[Records shown]:
********************

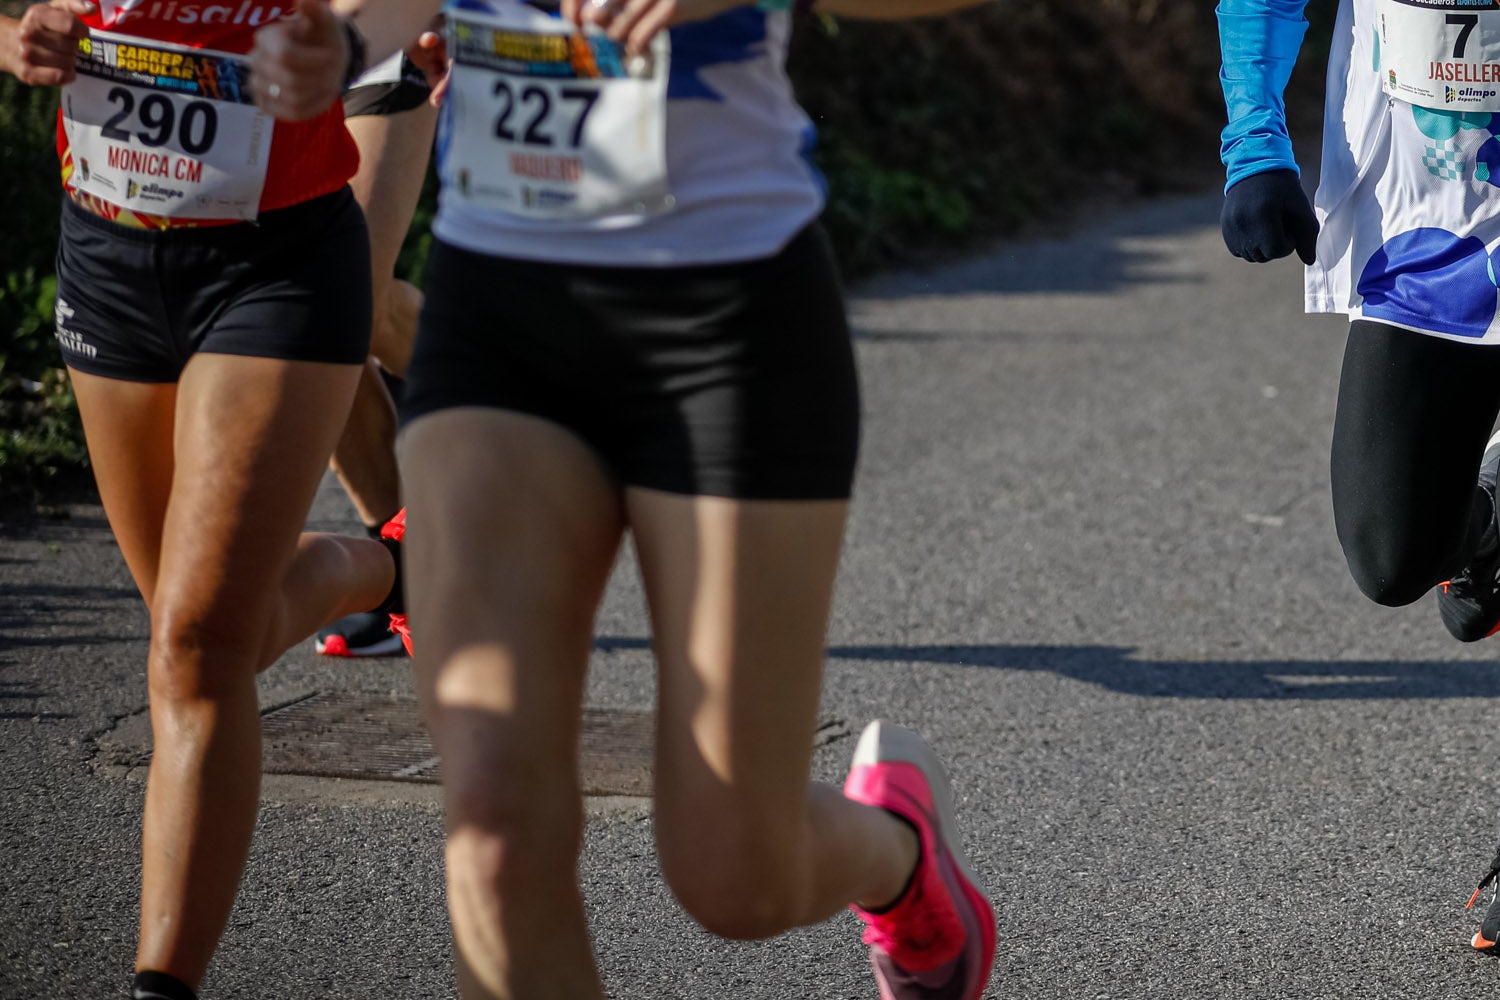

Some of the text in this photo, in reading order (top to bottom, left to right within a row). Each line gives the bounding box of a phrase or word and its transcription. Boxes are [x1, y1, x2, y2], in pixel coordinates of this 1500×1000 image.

[1445, 14, 1479, 59] 7
[117, 44, 195, 69] CARRERA
[117, 57, 195, 80] POPULAR
[493, 78, 599, 147] 227
[1458, 87, 1497, 99] olimpo
[101, 87, 218, 155] 290
[108, 145, 203, 184] MONICA CM
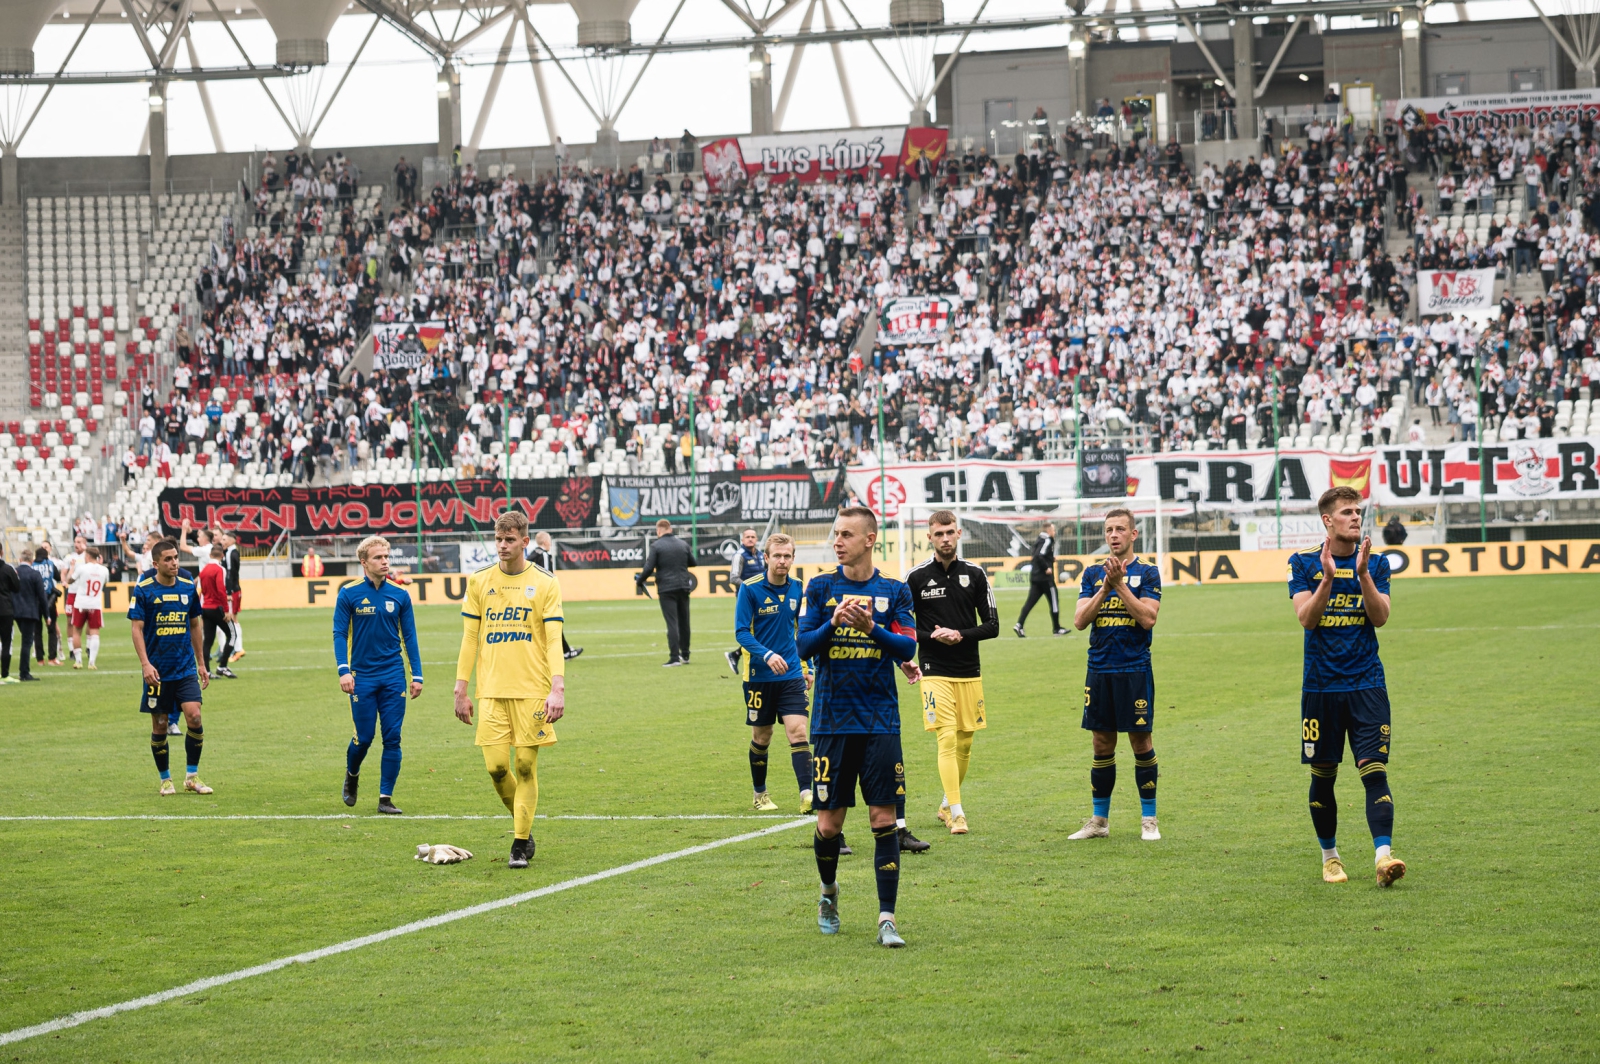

********************

[Task]: Type out the entries again without a single change, and leave the pictures out.

[Response]:
Some of the text in this photo, in reading order (top to bottom, left to right within a row). Each line gives the bounding box of a phrase or word and its transcription. Boxes are [x1, y1, x2, y2], in pixel coordinates of this 1500×1000 image.

[1445, 14, 1479, 59] 7
[117, 44, 195, 69] CARRERA
[117, 57, 195, 80] POPULAR
[493, 78, 599, 147] 227
[1458, 87, 1497, 99] olimpo
[101, 87, 218, 155] 290
[108, 145, 203, 184] MONICA CM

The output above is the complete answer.